Thirty minutes later, Kaylee and I clacked our way down the hallway toward the front of the house, looking mighty fierce. Kaylee had battled my thick brown tresses into shiny submission, and touched up the minimal makeup I’d already applied earlier. Blessed with my mama’s good skin and thick, long lashes, I didn’t require much in the way of artificial enhancement. This, of course, was fine by me. The less I had to worry about, the better. My plate already held a giant heaping of “You’re the mature one in the house, you need to oversee the shopping. And the cleaning. And the yard work. And, well—everything.”

“Tierra Elizabeth Owens!” My mom’s shrill voice cut through every last nerve ending in my body. I recognized the tone and knew what was about to happen next. She only called me by my full name when she was particularly disgusted and felt the need to dole out some sort of menial task to perform.

I froze, mid-step, behind Kaylee, whose entire frame mirrored mine upon hearing my full name. Her parents were fabulous with her, but she’d seen enough television and read enough angsty young-adult books to recognize the precursor to a verbal beat down when she heard it. Some ominous organ music would have rounded out the moment nicely.

I turned on my heel to face my surly mother, more than a little worried about the ugliness that was sure to fly out of her mouth.

She narrowed her eyes, taking in my new outfit and heeled feet with a frown. “Going out?”

The muscles in my neck and back slackened. If she were going to berate me, she would have done so from the beginning. It was very possible Kaylee and I could make it out of the house without another scene.
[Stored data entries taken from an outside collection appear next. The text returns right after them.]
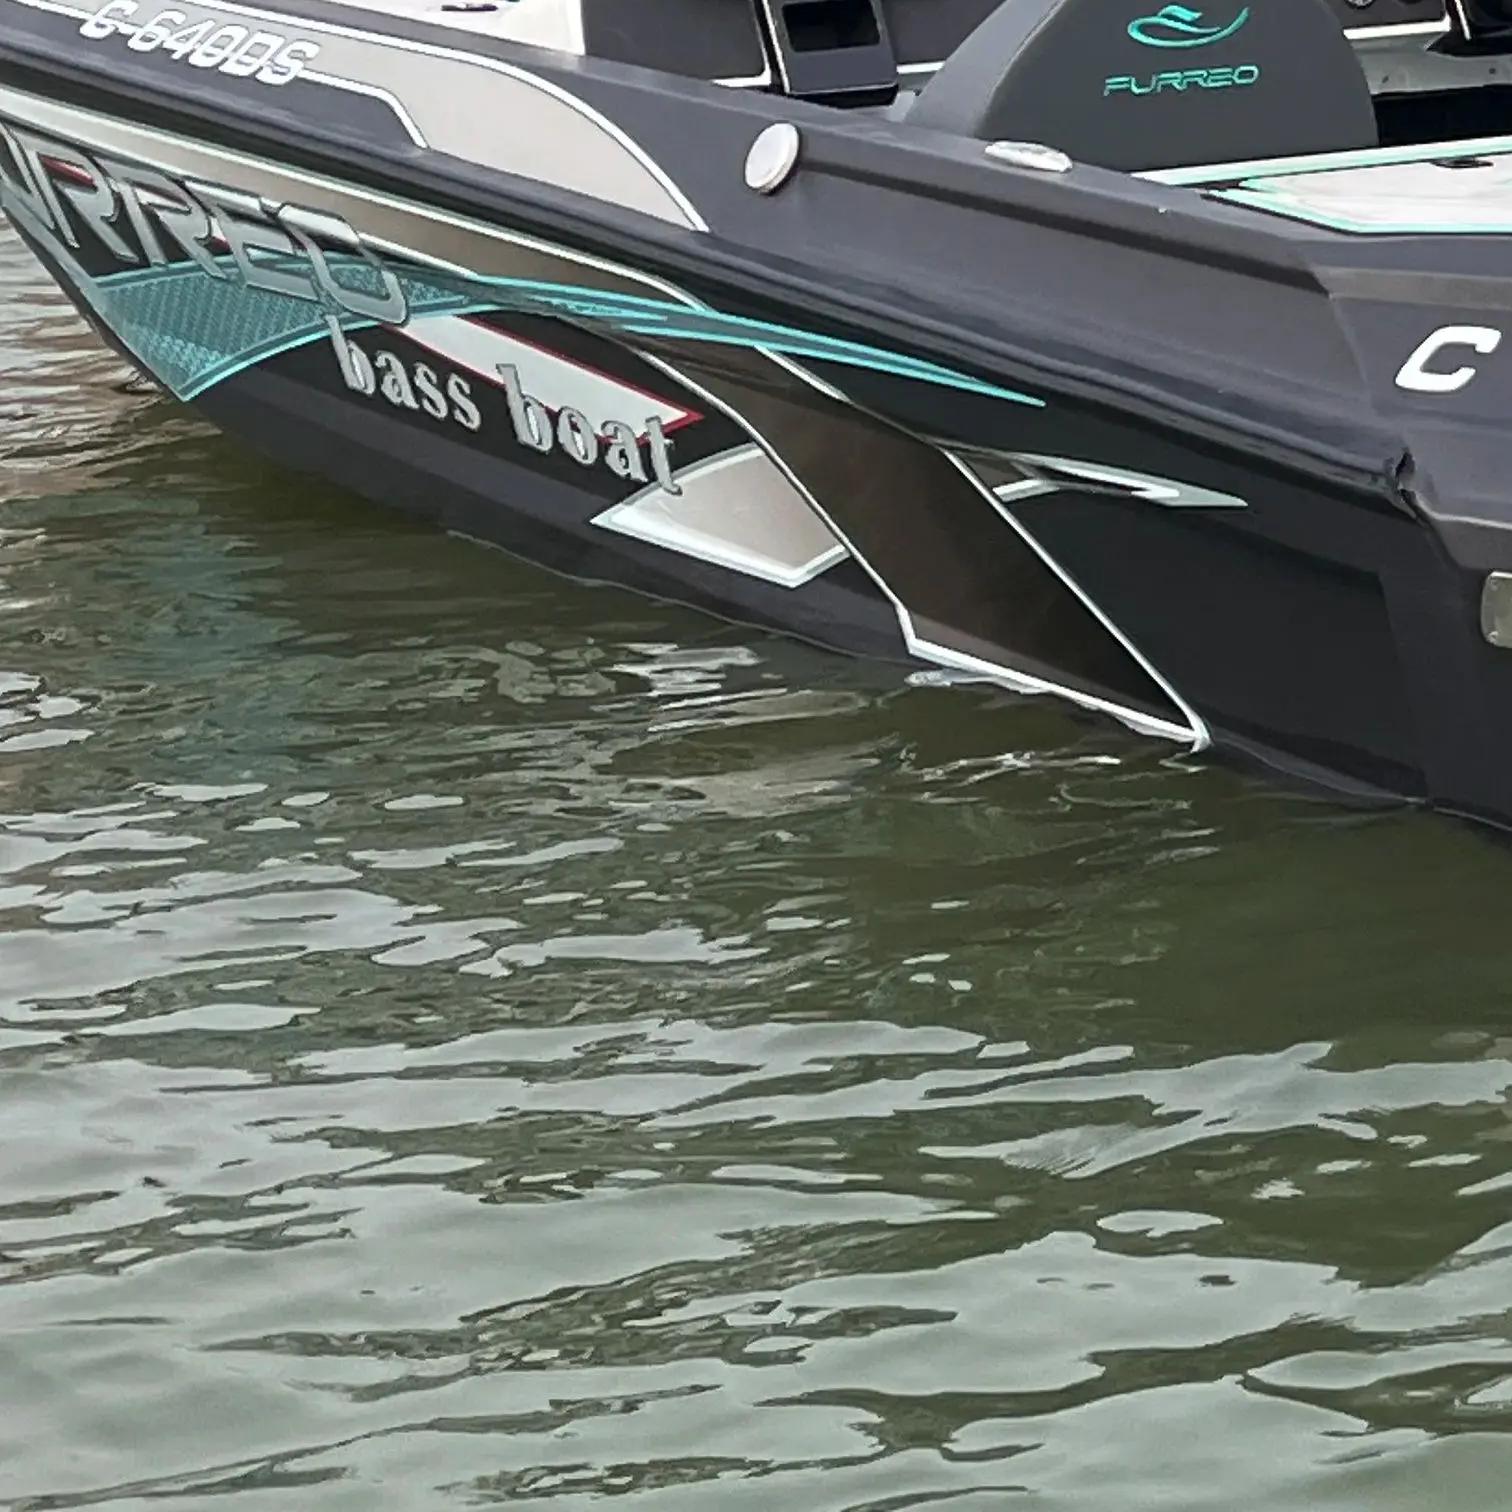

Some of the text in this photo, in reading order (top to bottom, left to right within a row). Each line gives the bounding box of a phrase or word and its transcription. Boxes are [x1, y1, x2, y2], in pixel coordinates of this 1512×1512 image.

[1103, 64, 1260, 98] FURREO
[1394, 324, 1502, 394] C
[325, 314, 684, 496] bass boat
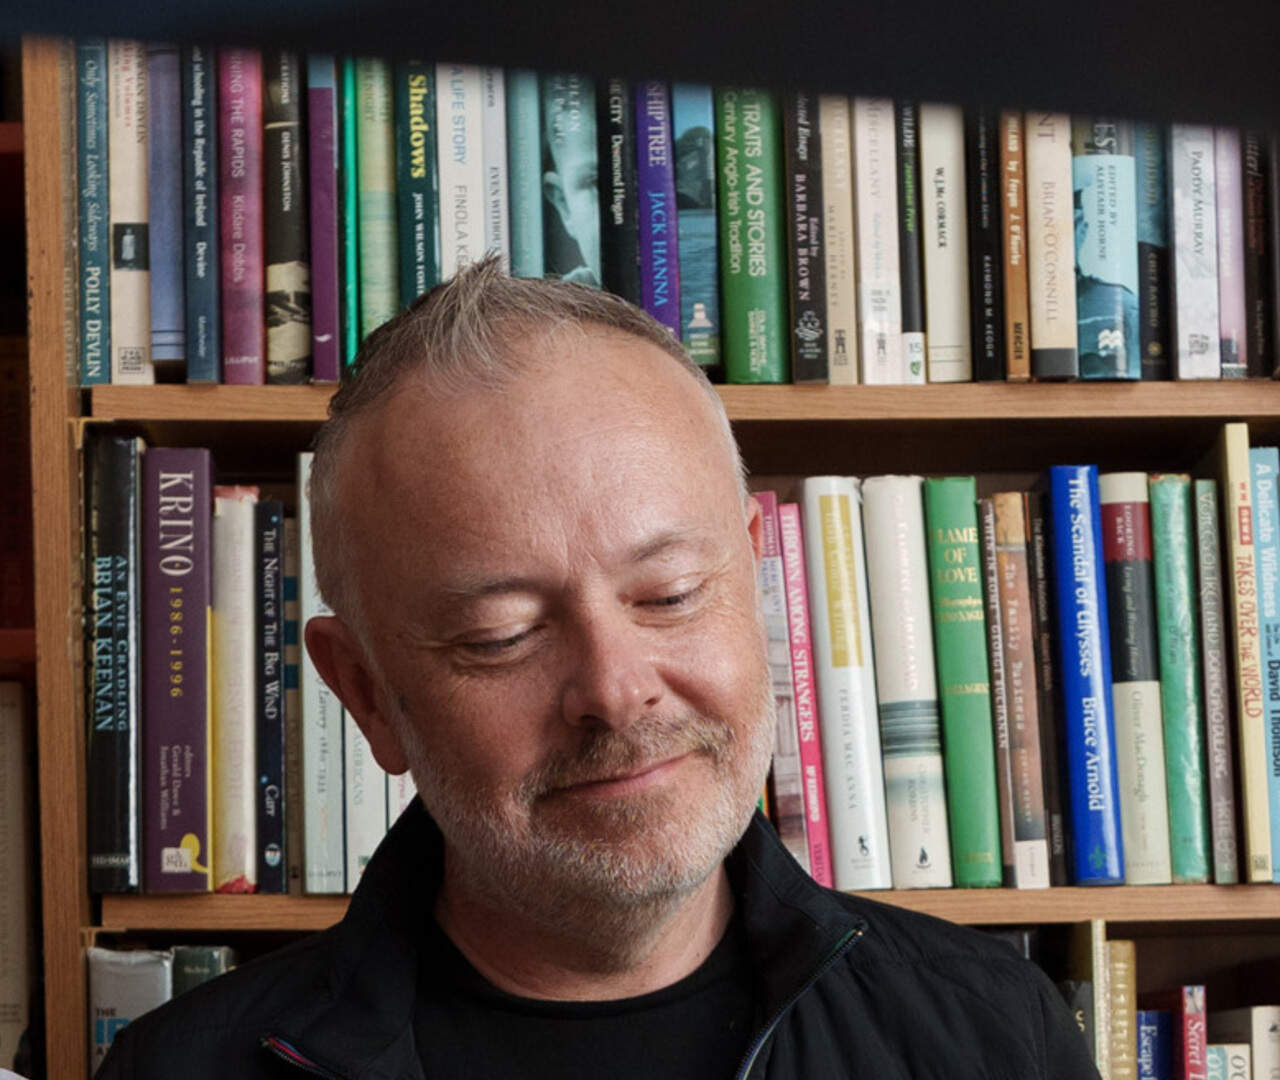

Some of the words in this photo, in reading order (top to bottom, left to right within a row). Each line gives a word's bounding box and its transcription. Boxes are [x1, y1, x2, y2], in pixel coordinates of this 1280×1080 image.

[82, 61, 100, 93] Only
[450, 79, 466, 109] LIFE
[85, 94, 102, 150] Sometimes
[193, 121, 206, 136] the
[231, 99, 245, 123] THE
[408, 75, 430, 178] Shadows
[723, 93, 740, 142] Century
[743, 104, 763, 157] TRAITS
[193, 139, 208, 177] Republic
[231, 128, 246, 179] RAPIDS
[452, 114, 467, 165] STORY
[612, 133, 626, 187] Desmond
[648, 125, 669, 167] TREE
[82, 155, 102, 198] Looking
[281, 162, 295, 212] JOHNSTON
[725, 147, 743, 217] Anglo-Irish
[745, 164, 765, 204] AND
[1191, 151, 1204, 195] PADDY
[82, 202, 103, 252] Sideways
[195, 193, 208, 227] Ireland
[232, 194, 246, 239] Kildare
[412, 192, 424, 219] JOHN
[454, 184, 468, 240] FINOLA
[610, 188, 627, 225] Hogan
[650, 191, 669, 235] JACK
[795, 173, 810, 241] BARBARA
[1041, 181, 1057, 229] BRIAN
[195, 241, 209, 278] Devine
[233, 243, 247, 283] Dobbs
[414, 223, 425, 262] WILSON
[728, 219, 744, 275] Tradition
[747, 209, 767, 276] STORIES
[85, 265, 101, 312] POLLY
[650, 240, 670, 307] HANNA
[798, 247, 812, 301] BROWN
[1042, 233, 1061, 324] O'CONNELL
[86, 319, 102, 377] DEVLIN
[1067, 477, 1087, 509] The
[1255, 463, 1271, 475] A
[158, 470, 195, 577] KRINO
[1123, 504, 1136, 556] LOOKING
[1256, 479, 1274, 543] Delicate
[263, 528, 277, 551] THE
[779, 514, 801, 582] THROWN
[1069, 513, 1093, 581] Scandal
[94, 555, 113, 627] BRIAN
[116, 555, 129, 580] AN
[262, 556, 279, 599] NIGHT
[936, 567, 979, 586] LOVE
[1235, 553, 1255, 598] TAKES
[1260, 546, 1279, 618] Wildness
[116, 592, 130, 632] EVIL
[786, 586, 808, 645] AMONG
[1074, 587, 1094, 607] of
[1238, 600, 1259, 637] OVER
[169, 586, 184, 698] 1986-1996
[263, 621, 278, 645] THE
[1073, 610, 1095, 677] Ulysses
[1240, 641, 1253, 663] THE
[94, 637, 114, 733] KEENAN
[116, 640, 130, 732] CRADLING
[264, 651, 280, 676] BIG
[264, 681, 280, 719] WIND
[791, 649, 816, 743] STRANGERS
[1241, 665, 1264, 718] WORLD
[1081, 696, 1099, 747] Bruce
[1084, 751, 1104, 811] Arnold
[1136, 1025, 1158, 1076] Escape
[1187, 1019, 1205, 1073] Secret
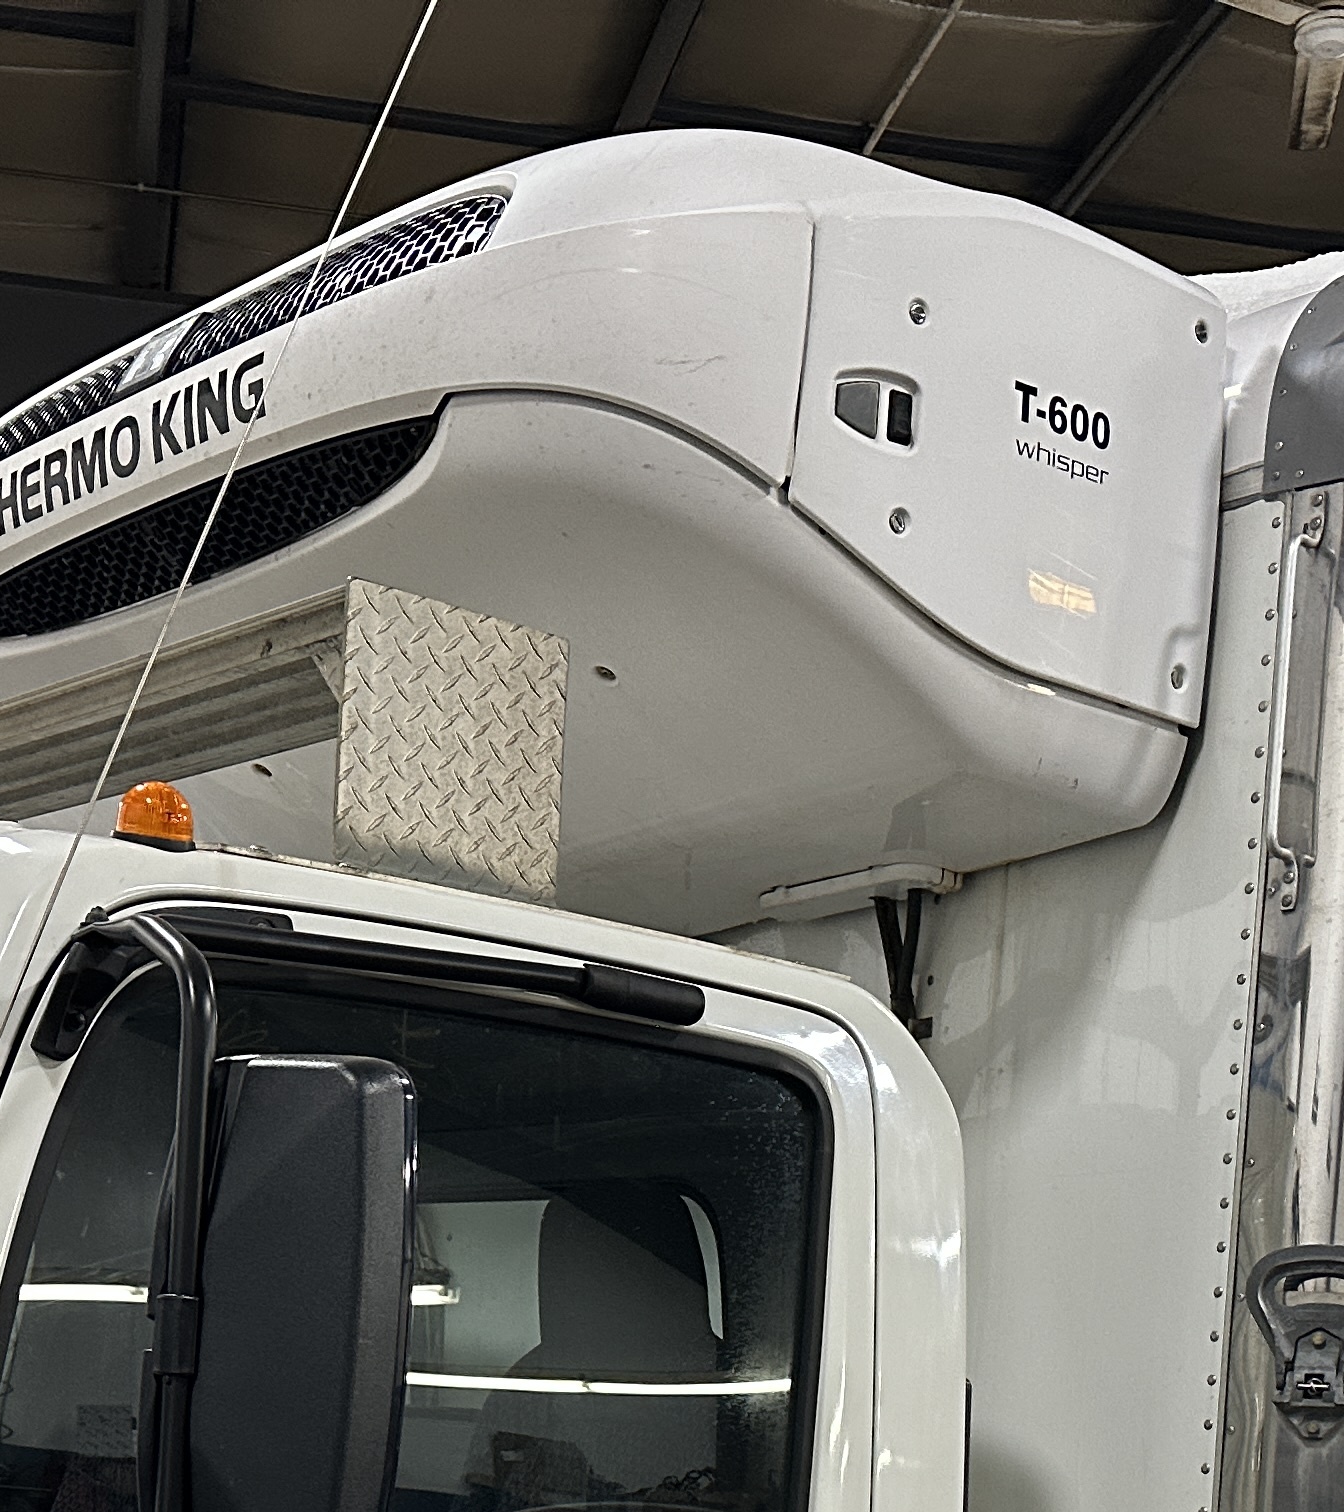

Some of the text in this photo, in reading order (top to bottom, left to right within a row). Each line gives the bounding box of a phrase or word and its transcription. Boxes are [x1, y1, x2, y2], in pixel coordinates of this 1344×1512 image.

I nodded once. “Yeah. Kaylee’s boyfriend, Dallas, is having a party.”

Her lips twisted with indifference and she puffed out a breath of air through her nose. “You’re not going anywhere until you restock the bottle of vodka you drained.”

I opened my mouth to protest (she’d drained the damn thing herself), but she shut me down before I had a chance to utter two syllables.

“Save it, Tierra. Get your ass to Dell’s and pick me up another bottle. Stephen is coming over to console me and I want to have something to serve him.”

Kaylee and I had acquired fake I.D’s our sophomore year and we, along with a greater portion of underage teens in the area, had been patronizing Dell’s on a semi-regular basis ever since.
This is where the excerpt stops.